## About this task
Transcribe every entry exactly, leaving out any pictures.

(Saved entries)
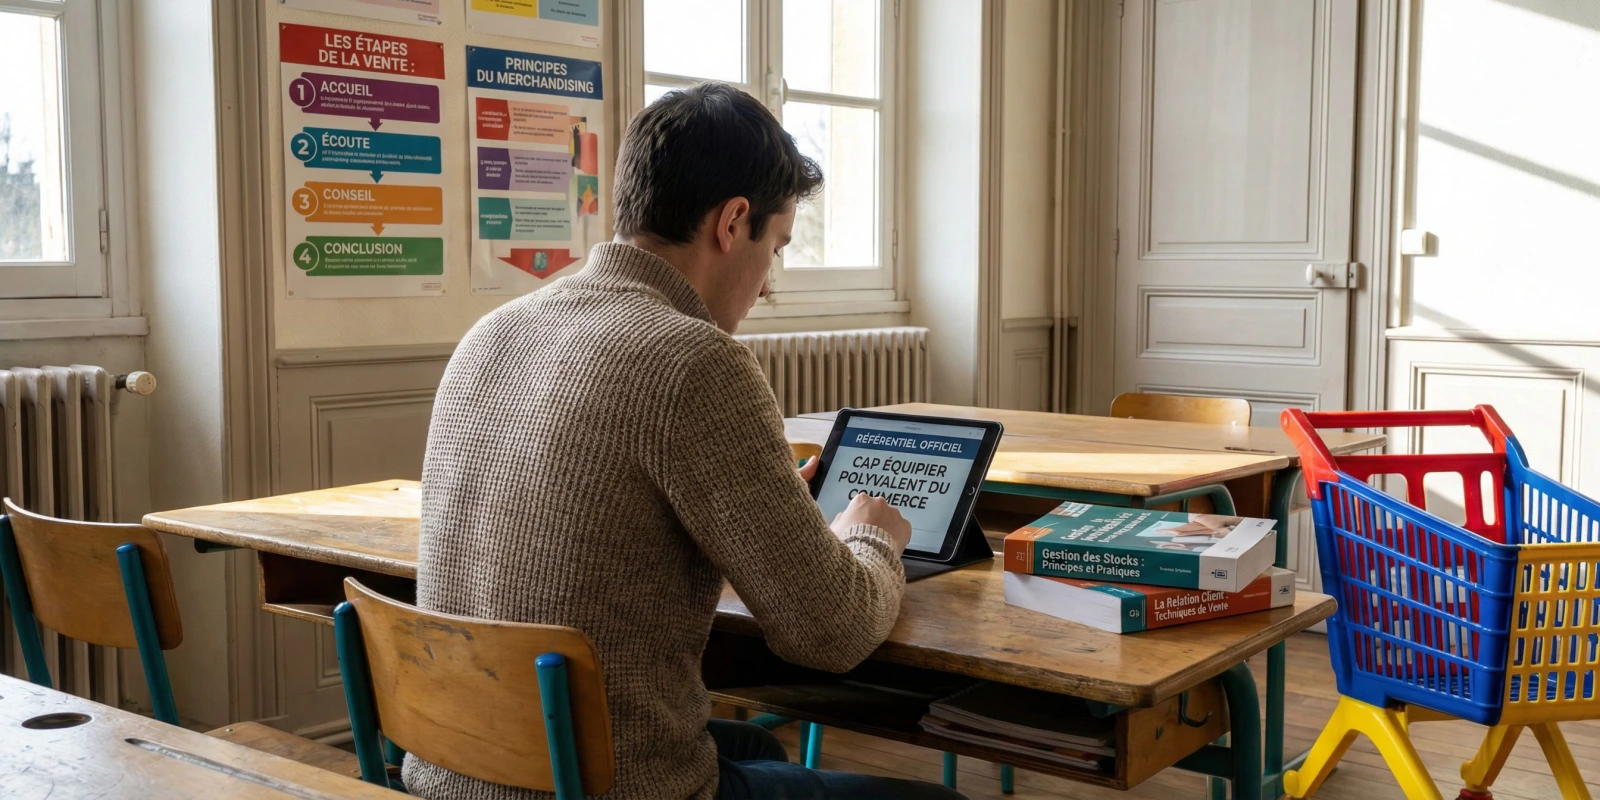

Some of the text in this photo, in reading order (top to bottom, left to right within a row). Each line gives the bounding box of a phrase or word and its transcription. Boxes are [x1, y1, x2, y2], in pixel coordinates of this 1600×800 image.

[324, 33, 408, 56] LES ÉTAPES
[318, 49, 415, 73] DE LA VENTE :
[505, 56, 567, 76] PRINCIPES
[320, 80, 373, 97] ACCUEIL
[476, 69, 594, 94] DU MERCHANDISING
[297, 84, 305, 100] 1
[298, 139, 309, 155] 2
[321, 132, 370, 149] ÉCOUTE
[299, 194, 310, 210] 3
[323, 188, 376, 201] CONSEIL
[299, 248, 311, 264] 4
[324, 242, 403, 255] CONCLUSION
[855, 432, 963, 453] RÉFÉRENTIEL OFFICIEL
[852, 455, 948, 478] CAP ÉQUIPIER
[838, 470, 951, 495] POLYVALENT DU
[1042, 548, 1145, 567] Gestion des Stocks :
[1042, 560, 1140, 578] Principes et Pratiques
[1154, 599, 1165, 610] La
[1166, 593, 1200, 608] Relation
[1201, 591, 1225, 603] Client
[1154, 602, 1229, 621] Techniques de Vente
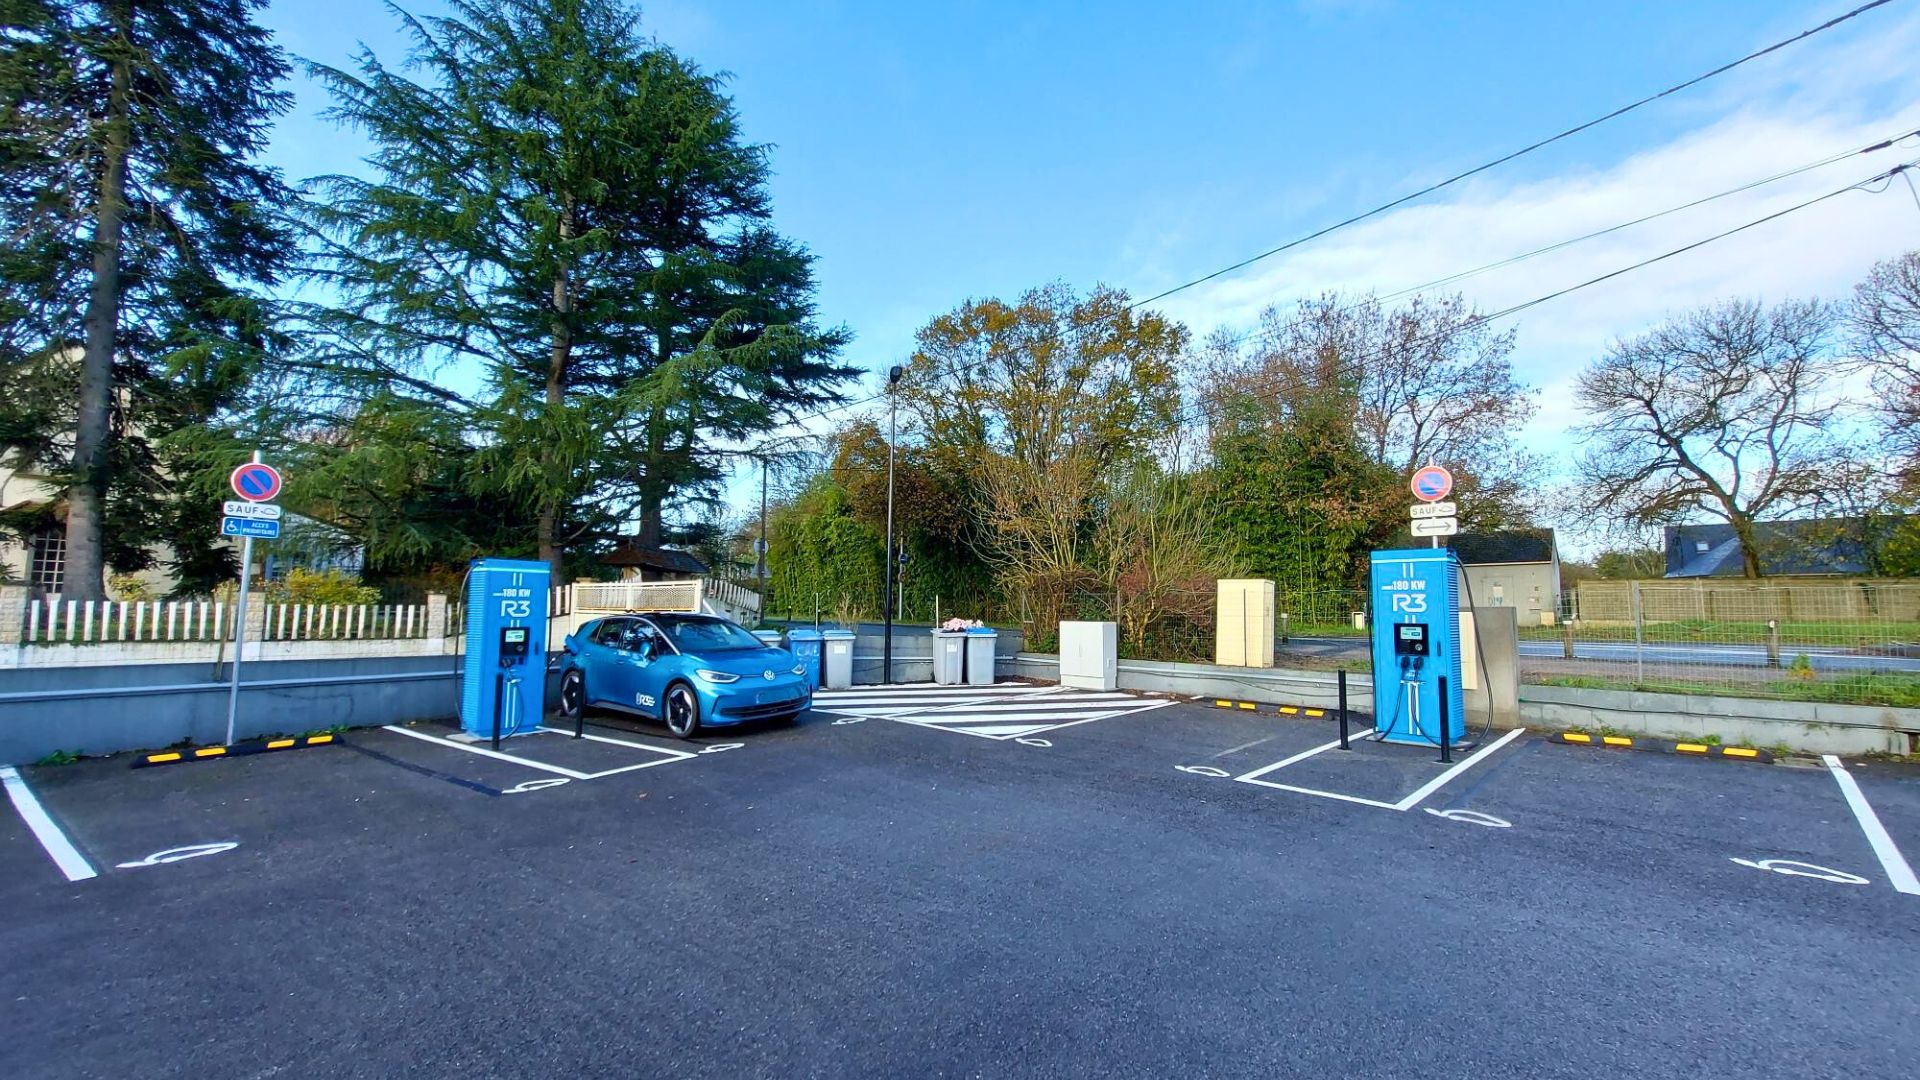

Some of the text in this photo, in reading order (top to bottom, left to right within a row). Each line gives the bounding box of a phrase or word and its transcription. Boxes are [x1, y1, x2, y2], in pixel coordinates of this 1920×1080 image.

[227, 504, 258, 514] SAUF
[1412, 506, 1437, 515] SAUF
[1392, 579, 1426, 590] 180 KW
[503, 588, 531, 598] 180 KW
[1392, 593, 1427, 613] R3
[501, 600, 531, 618] R3
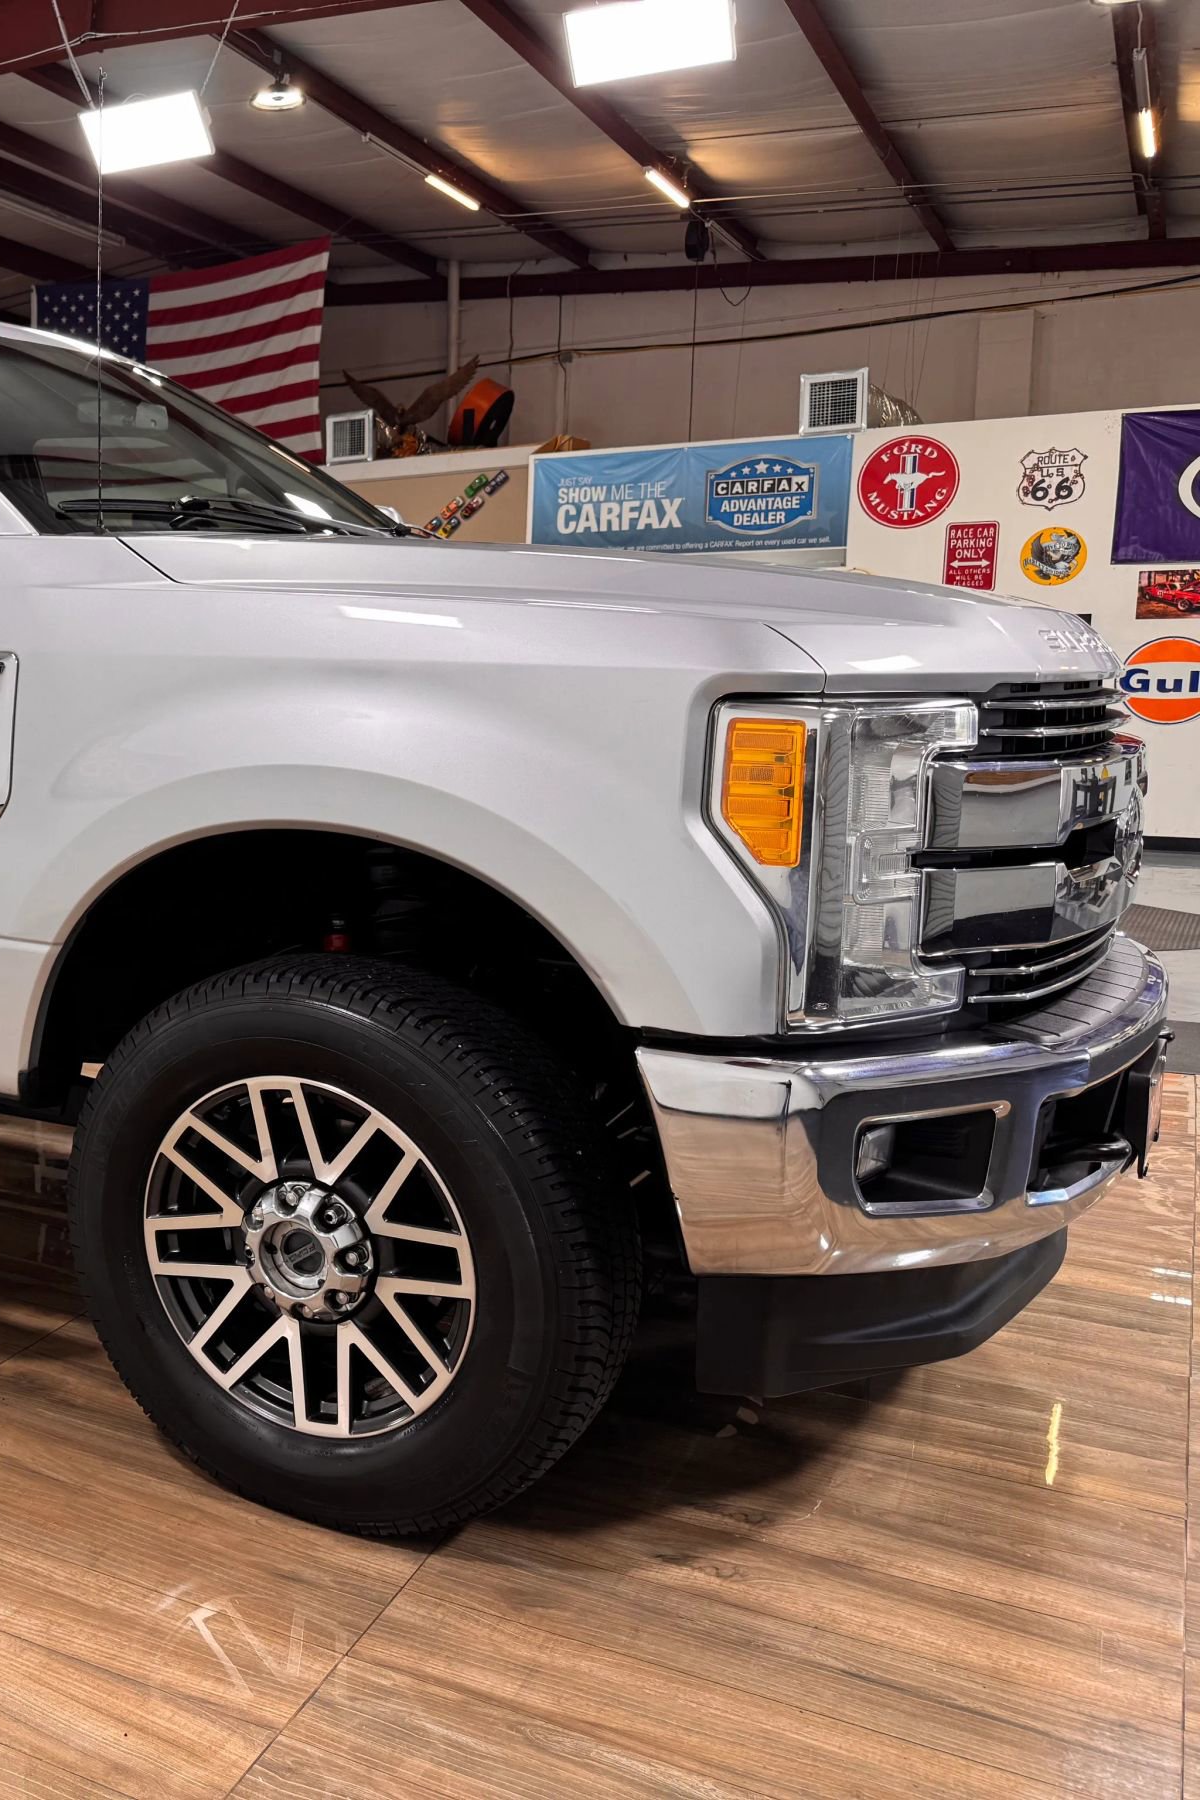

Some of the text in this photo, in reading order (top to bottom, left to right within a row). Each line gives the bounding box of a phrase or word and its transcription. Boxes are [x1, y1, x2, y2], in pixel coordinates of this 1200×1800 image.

[880, 441, 938, 463] FORD
[1037, 454, 1069, 465] ROUTE
[558, 476, 593, 487] JUST SAY
[715, 477, 807, 496] CARFAX
[558, 480, 667, 504] SHOW ME THE
[867, 487, 948, 521] MUSTANG
[556, 498, 683, 535] CARFAX
[733, 511, 786, 526] DEALER
[950, 526, 995, 539] RACE CAR
[646, 543, 675, 551] committed
[682, 542, 704, 550] offering
[735, 540, 754, 549] Report
[950, 537, 993, 549] PARKING
[955, 547, 986, 559] ONLY
[964, 567, 991, 575] OTHERS

## Final answer
Some of the text in this photo, in reading order (top to bottom, left to right within a row). Each line gives the bounding box of a phrase or word and its transcription. Boxes are [x1, y1, x2, y2], in pixel coordinates of this 1600×800 image.

[324, 33, 408, 56] LES ÉTAPES
[318, 49, 415, 73] DE LA VENTE :
[505, 56, 567, 76] PRINCIPES
[320, 80, 373, 97] ACCUEIL
[476, 69, 594, 94] DU MERCHANDISING
[297, 84, 305, 100] 1
[298, 139, 309, 155] 2
[321, 132, 370, 149] ÉCOUTE
[299, 194, 310, 210] 3
[323, 188, 376, 201] CONSEIL
[299, 248, 311, 264] 4
[324, 242, 403, 255] CONCLUSION
[855, 432, 963, 453] RÉFÉRENTIEL OFFICIEL
[852, 455, 948, 478] CAP ÉQUIPIER
[838, 470, 951, 495] POLYVALENT DU
[1042, 548, 1145, 567] Gestion des Stocks :
[1042, 560, 1140, 578] Principes et Pratiques
[1154, 599, 1165, 610] La
[1166, 593, 1200, 608] Relation
[1201, 591, 1225, 603] Client
[1154, 602, 1229, 621] Techniques de Vente

Some of the text in this photo, in reading order (top to bottom, left to right within a row). Each line gives the bounding box of a phrase or word and its transcription. Boxes are [x1, y1, x2, y2], in pixel coordinates of this 1920×1080 image.

[227, 504, 258, 514] SAUF
[1412, 506, 1437, 515] SAUF
[1392, 579, 1426, 590] 180 KW
[503, 588, 531, 598] 180 KW
[1392, 593, 1427, 613] R3
[501, 600, 531, 618] R3

Some of the text in this photo, in reading order (top to bottom, left to right within a row). Each line gives the bounding box of a phrase or word and its transcription. Boxes are [x1, y1, x2, y2], in pixel coordinates of this 1200×1800 image.

[880, 441, 938, 463] FORD
[1037, 454, 1069, 465] ROUTE
[558, 476, 593, 487] JUST SAY
[715, 477, 807, 496] CARFAX
[558, 480, 667, 504] SHOW ME THE
[867, 487, 948, 521] MUSTANG
[556, 498, 683, 535] CARFAX
[733, 511, 786, 526] DEALER
[950, 526, 995, 539] RACE CAR
[646, 543, 675, 551] committed
[682, 542, 704, 550] offering
[735, 540, 754, 549] Report
[950, 537, 993, 549] PARKING
[955, 547, 986, 559] ONLY
[964, 567, 991, 575] OTHERS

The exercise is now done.